**Saved entries**
________

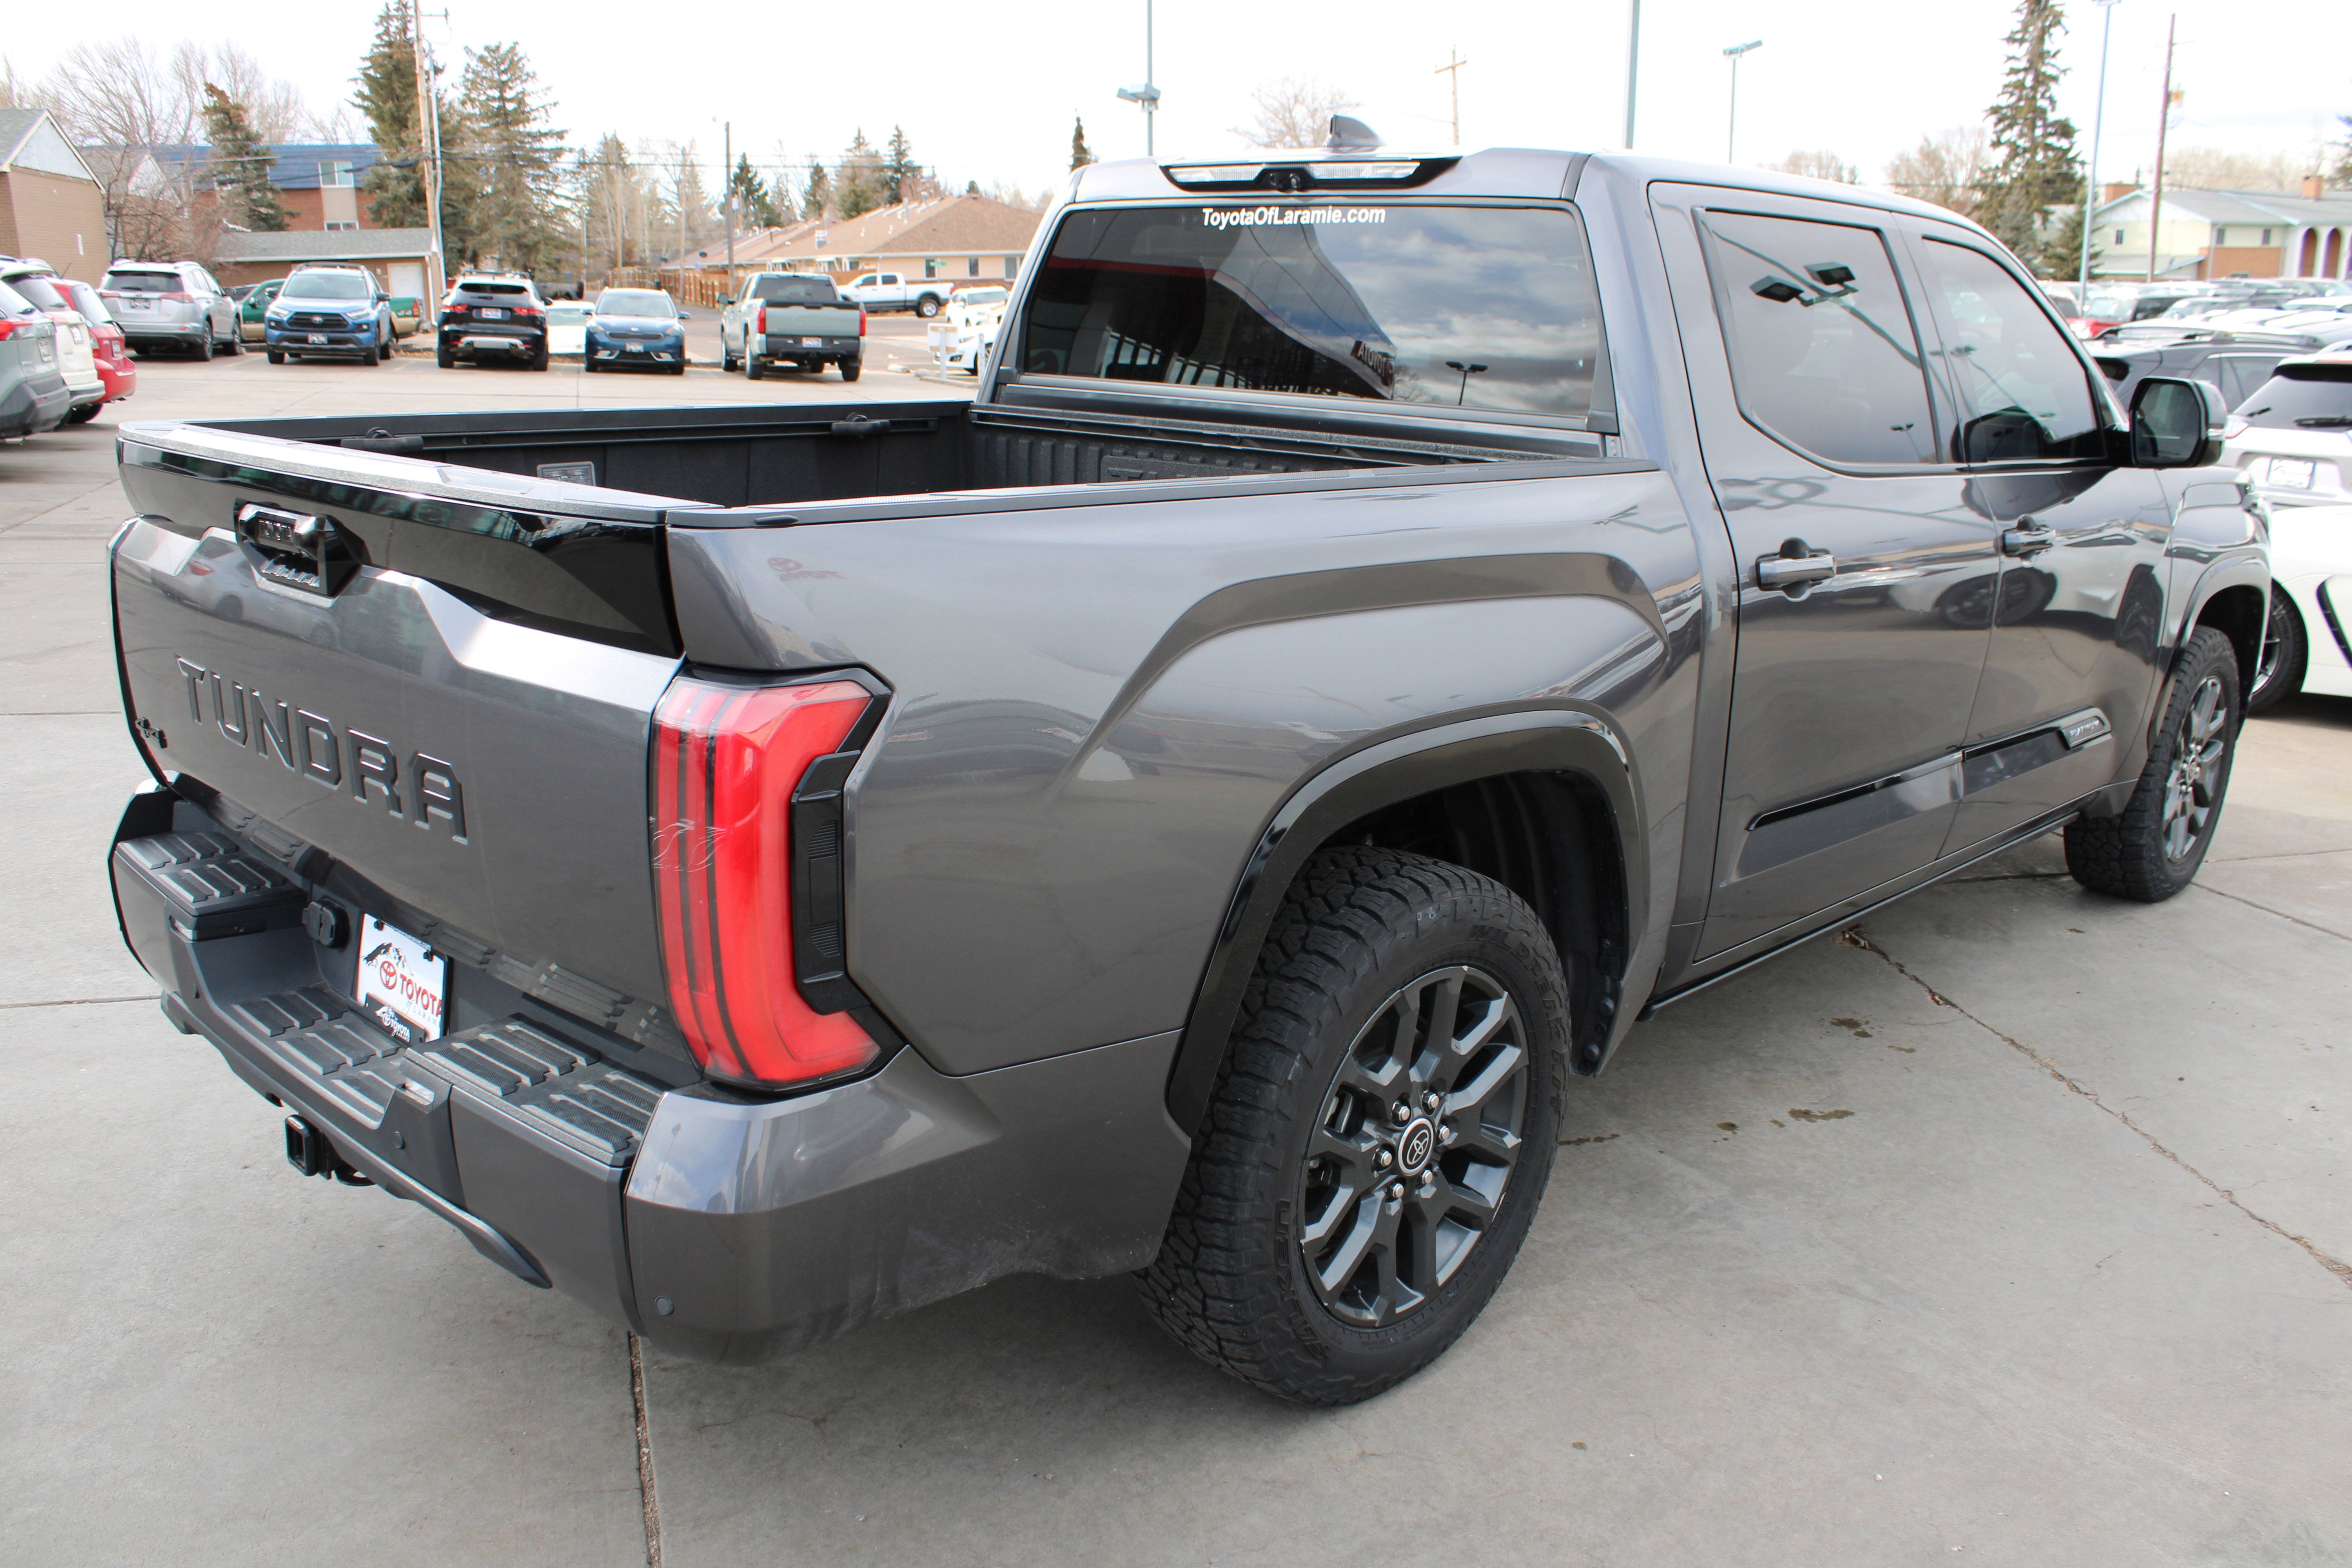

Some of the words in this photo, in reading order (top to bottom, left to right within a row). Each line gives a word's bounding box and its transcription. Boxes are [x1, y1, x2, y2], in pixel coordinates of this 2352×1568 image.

[1202, 205, 1385, 230] ToyotaOfLaramie.com
[258, 519, 294, 543] TOYOTA
[176, 654, 469, 845] TUNDRA
[1467, 924, 1561, 1040] WILDPEAK
[400, 973, 442, 1018] TOYOTA
[390, 1018, 410, 1037] TOYOTA
[414, 1005, 438, 1026] LARAM

________

The output has to match the data above line for line, except that pictures are dropped.

**EXERCISE SOLUTION**
Some of the words in this photo, in reading order (top to bottom, left to right within a row). Each line gives a word's bounding box and its transcription. Boxes are [x1, y1, x2, y2], in pixel coordinates of this 2352×1568 image.

[1202, 205, 1385, 230] ToyotaOfLaramie.com
[258, 519, 294, 543] TOYOTA
[176, 654, 469, 845] TUNDRA
[1467, 924, 1561, 1040] WILDPEAK
[400, 973, 442, 1018] TOYOTA
[390, 1018, 410, 1037] TOYOTA
[414, 1005, 438, 1026] LARAM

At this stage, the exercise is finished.